--- What to work on ---
Write the data out again exactly, with every picture removed.

[Stored records]
*** Block opens ***

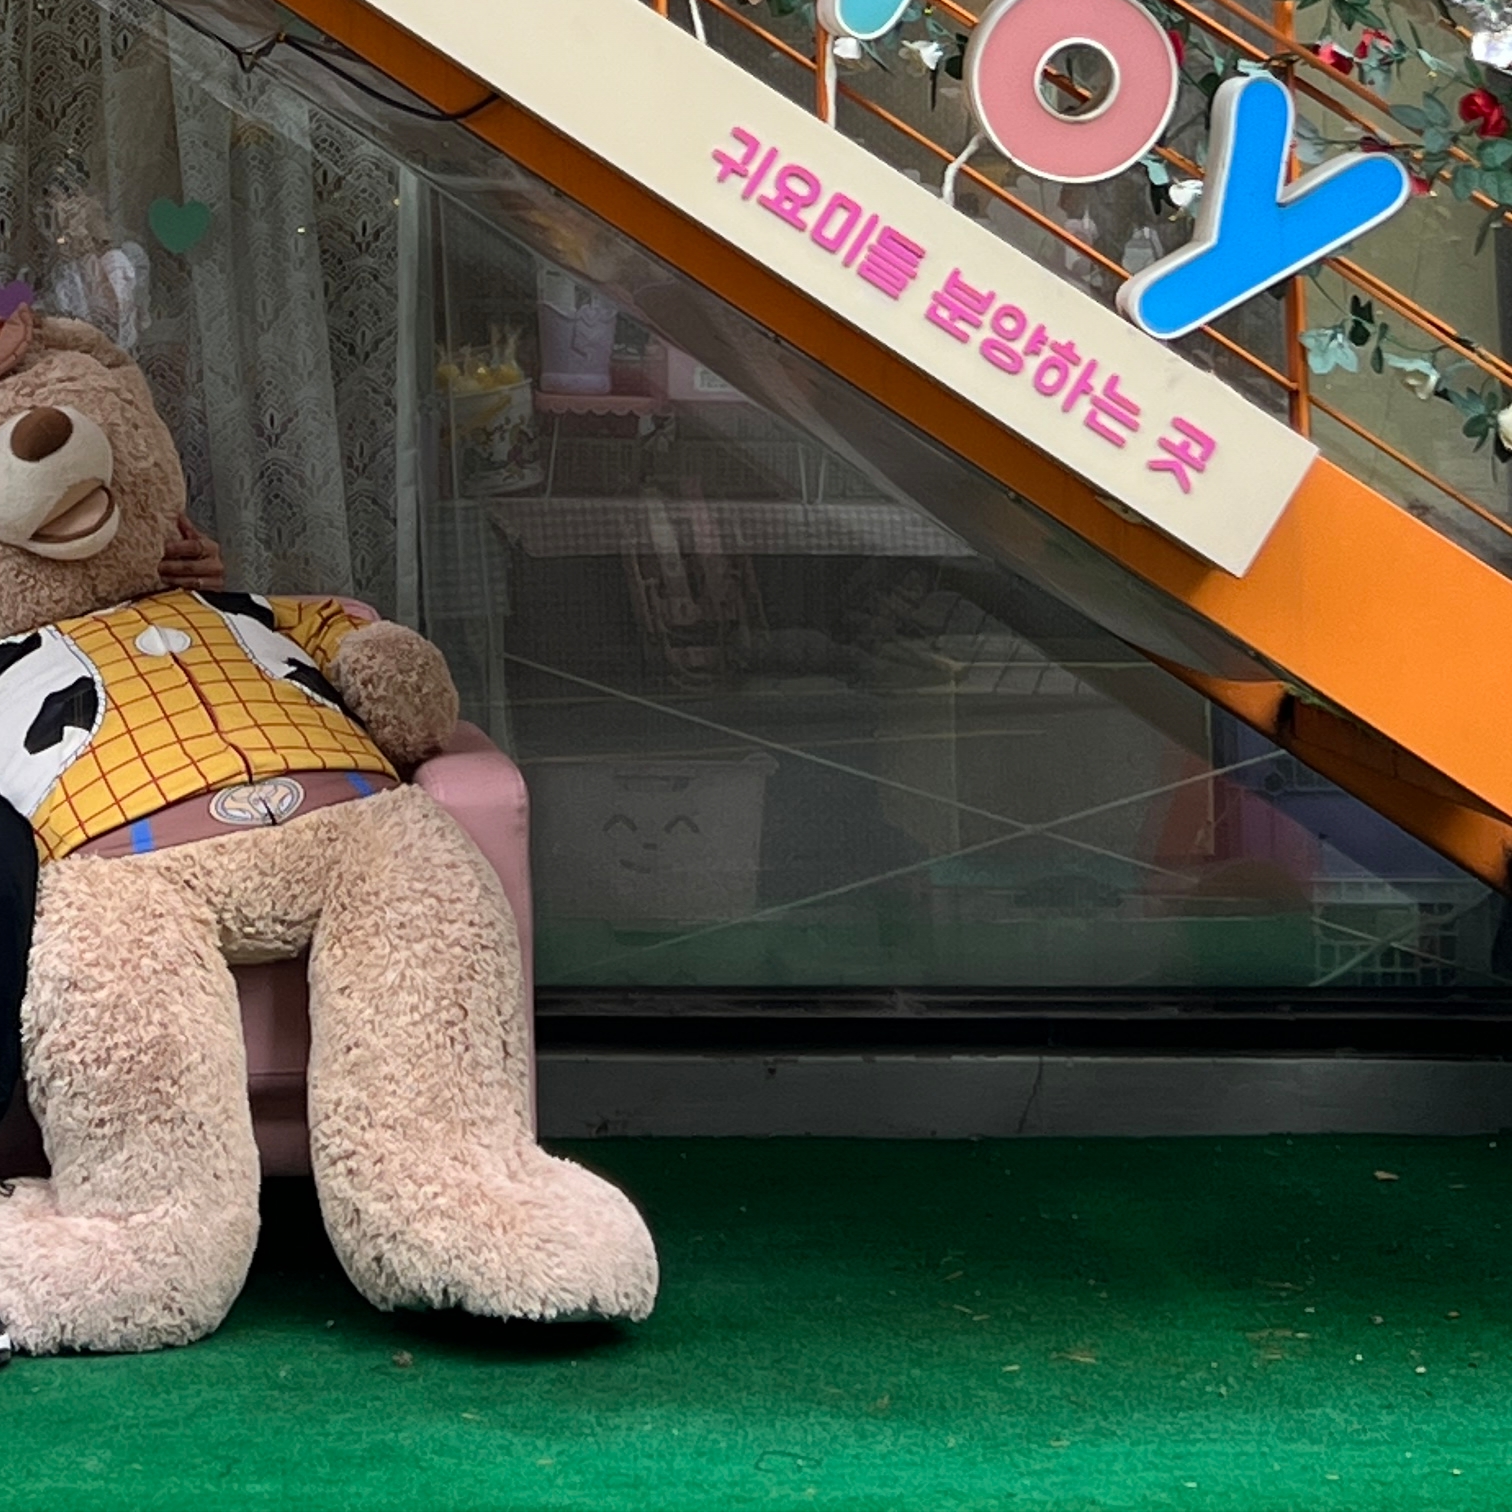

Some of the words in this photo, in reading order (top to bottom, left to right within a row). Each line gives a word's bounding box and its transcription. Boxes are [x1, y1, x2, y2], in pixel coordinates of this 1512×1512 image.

[712, 126, 926, 300] 귀요미를
[925, 268, 1141, 448] 분양하는
[1146, 416, 1217, 495] 곳
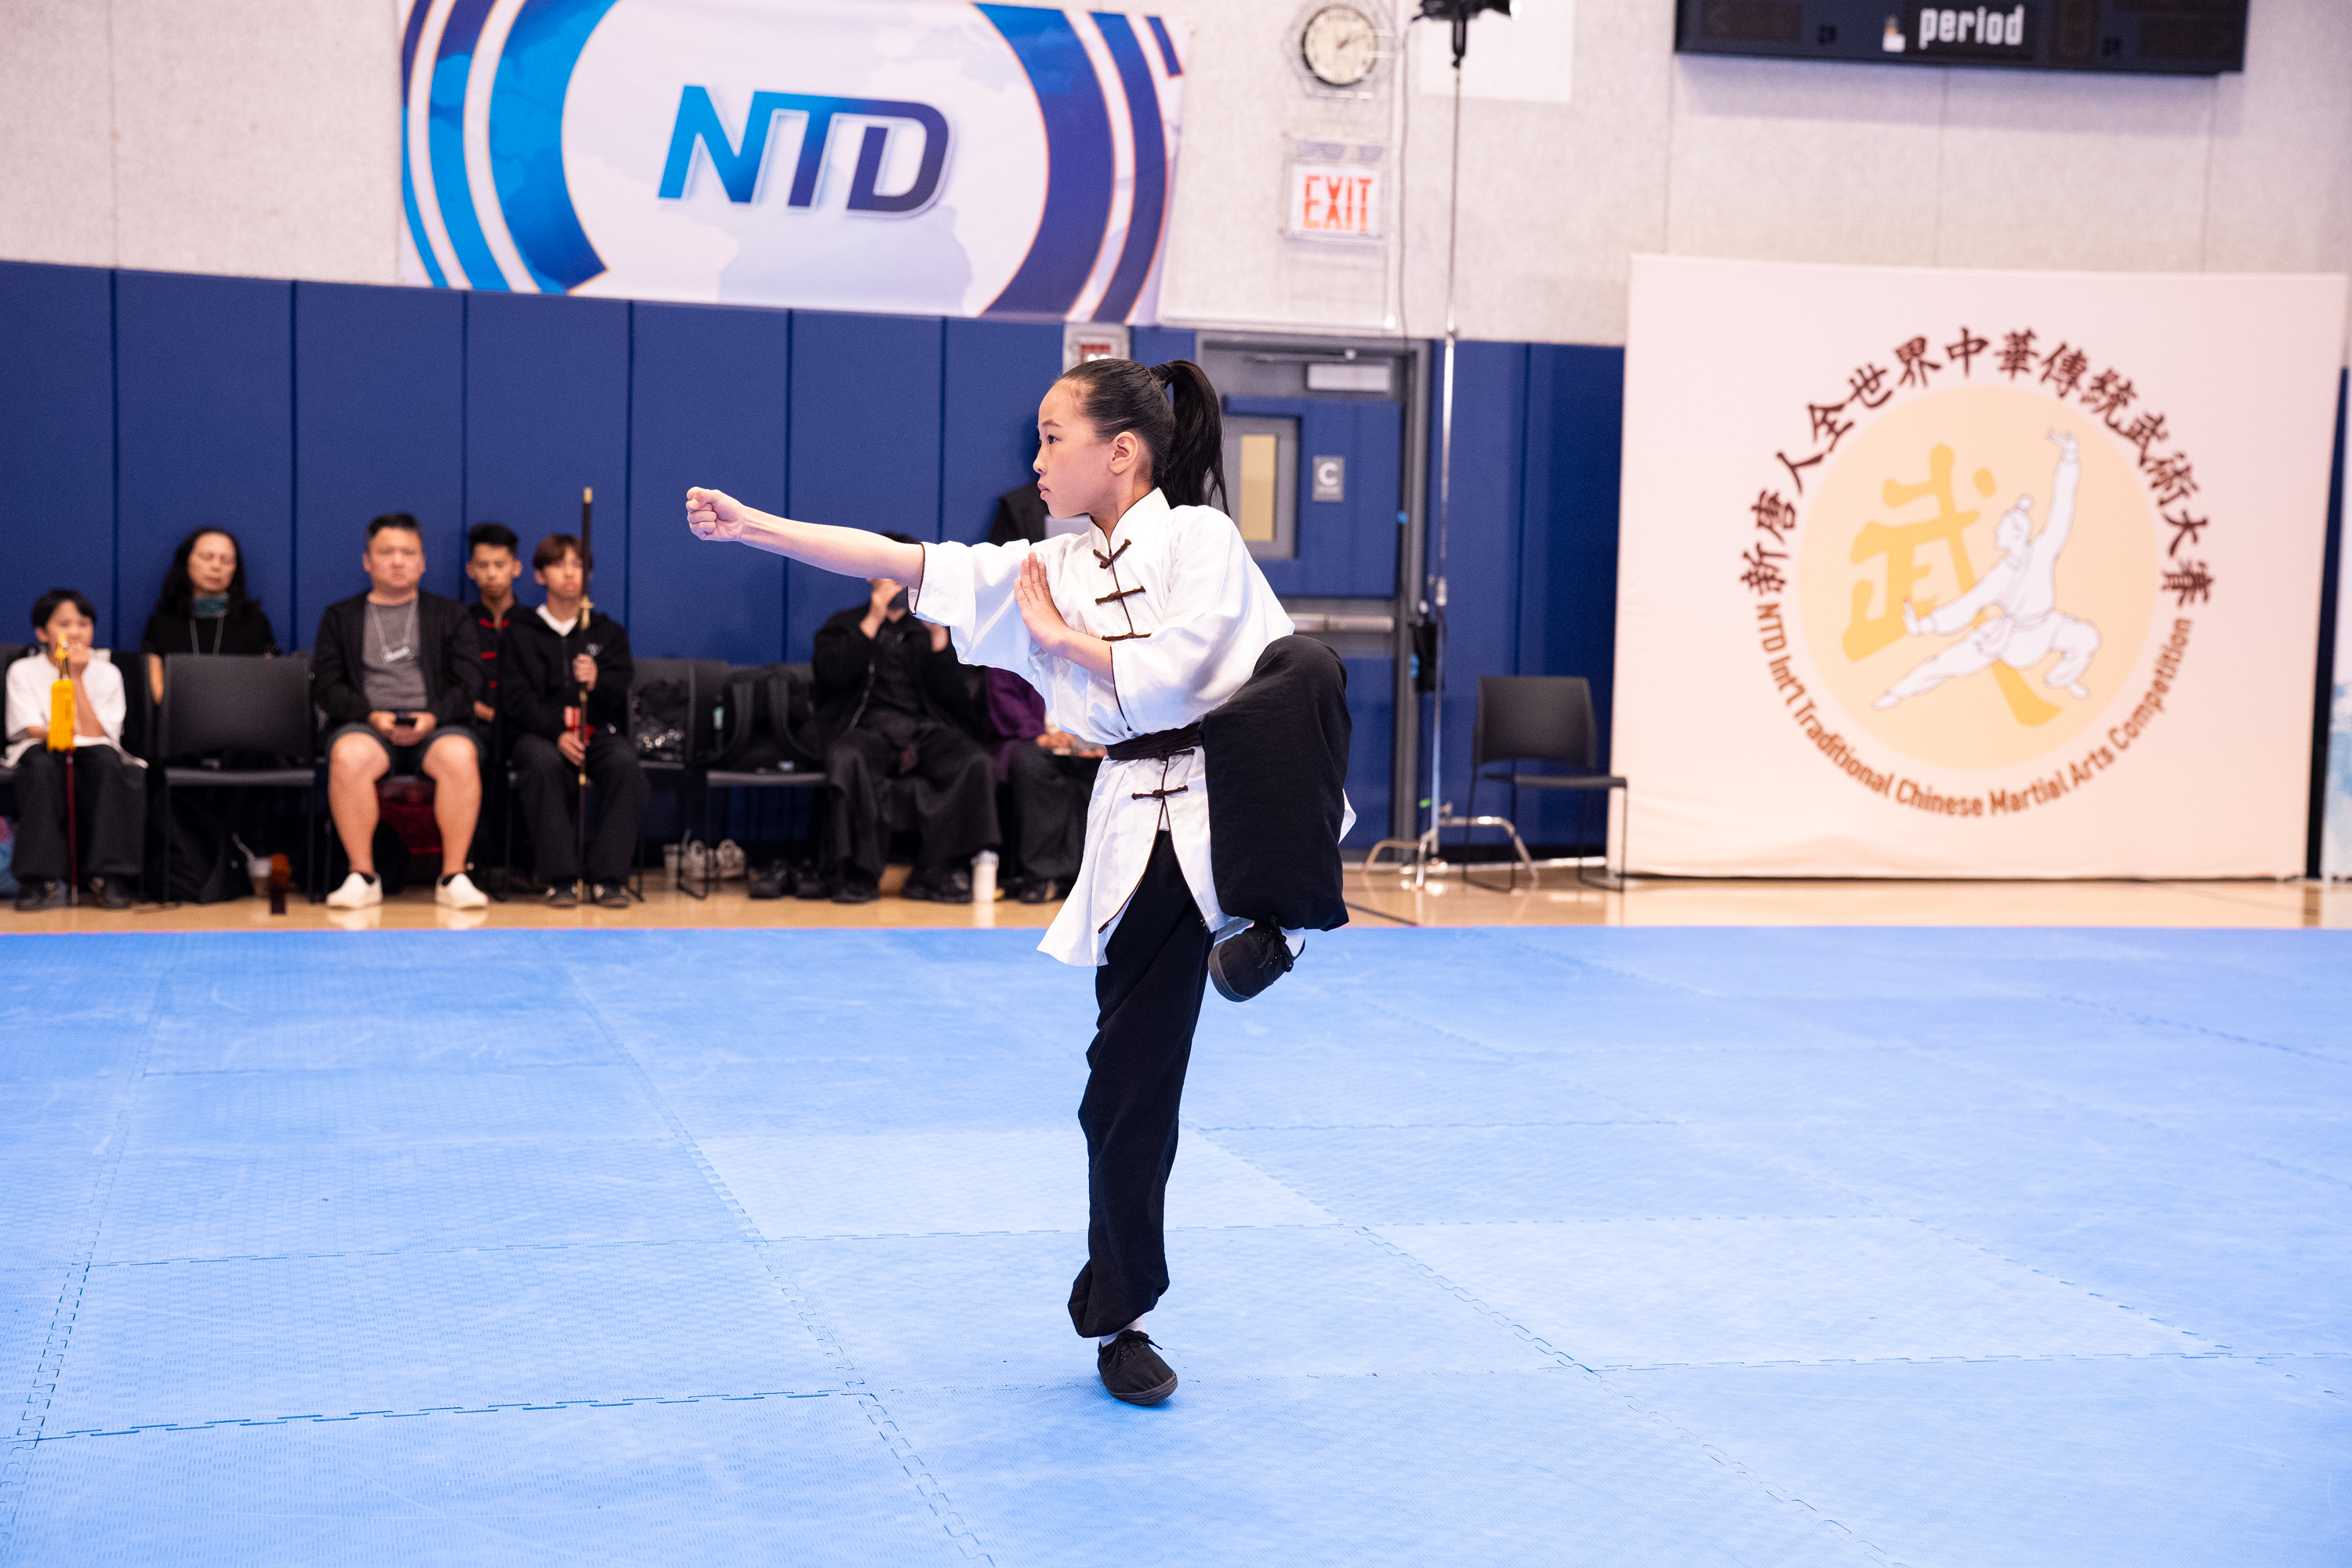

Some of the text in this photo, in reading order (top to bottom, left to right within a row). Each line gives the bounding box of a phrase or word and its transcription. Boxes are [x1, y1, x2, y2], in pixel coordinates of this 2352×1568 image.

[1919, 4, 2025, 50] period
[657, 83, 951, 217] NTD
[1304, 174, 1372, 232] EXIT
[1318, 462, 1339, 486] C
[1756, 603, 1787, 653] NTD
[1793, 699, 1895, 798] Traditional
[1895, 778, 1984, 817] Chinese
[1988, 769, 2070, 816] Martial
[2068, 745, 2116, 788] Arts
[2107, 617, 2193, 750] Competition
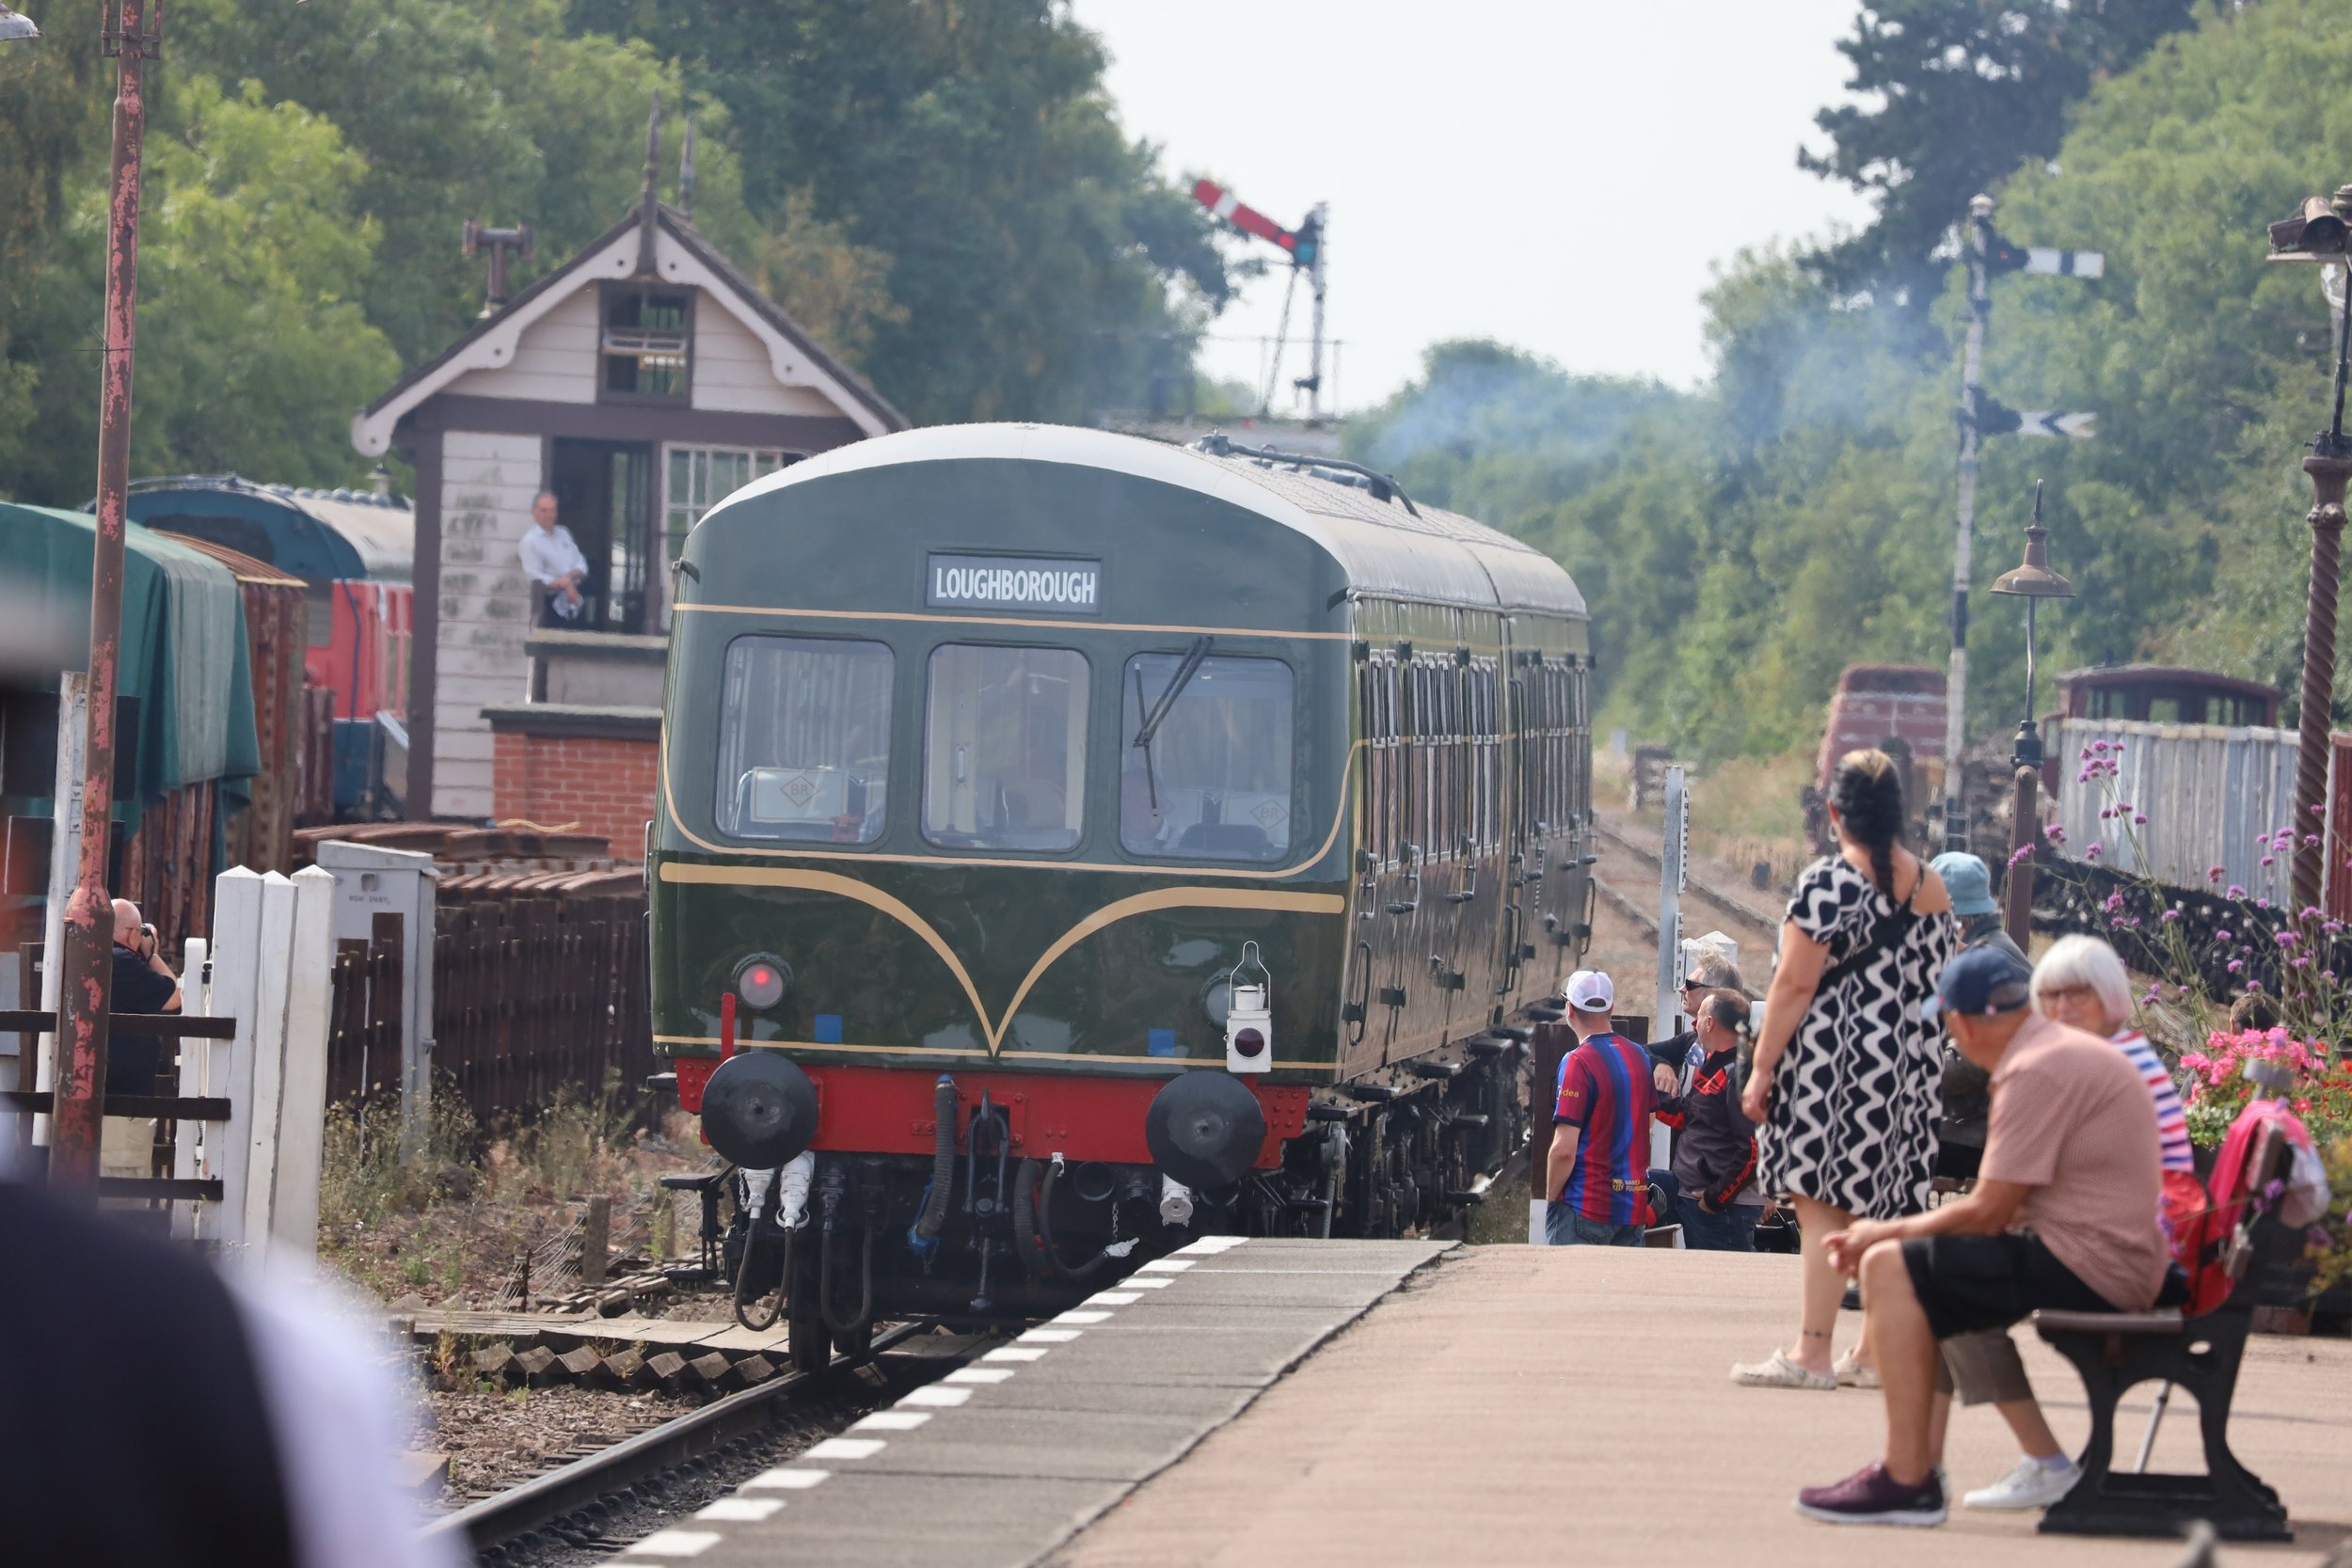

*** Block closes ***

--- Exercise output ---
Some of the words in this photo, in reading order (top to bottom, left to right within a row). Each line gives a word's bounding box and its transcription. Boxes are [x1, y1, x2, y2], in pixel coordinates of this 1512×1512 image.

[712, 126, 926, 300] 귀요미를
[925, 268, 1141, 448] 분양하는
[1146, 416, 1217, 495] 곳

Some of the text in this photo, in reading order (top to bottom, left to right within a row). Each line gives the bounding box of a phrase or word and its transcription. Boxes are [x1, y1, x2, y2], in pixel coordinates of this 2352×1568 image.

[1919, 4, 2025, 50] period
[657, 83, 951, 217] NTD
[1304, 174, 1372, 232] EXIT
[1318, 462, 1339, 486] C
[1756, 603, 1787, 653] NTD
[1793, 699, 1895, 798] Traditional
[1895, 778, 1984, 817] Chinese
[1988, 769, 2070, 816] Martial
[2068, 745, 2116, 788] Arts
[2107, 617, 2193, 750] Competition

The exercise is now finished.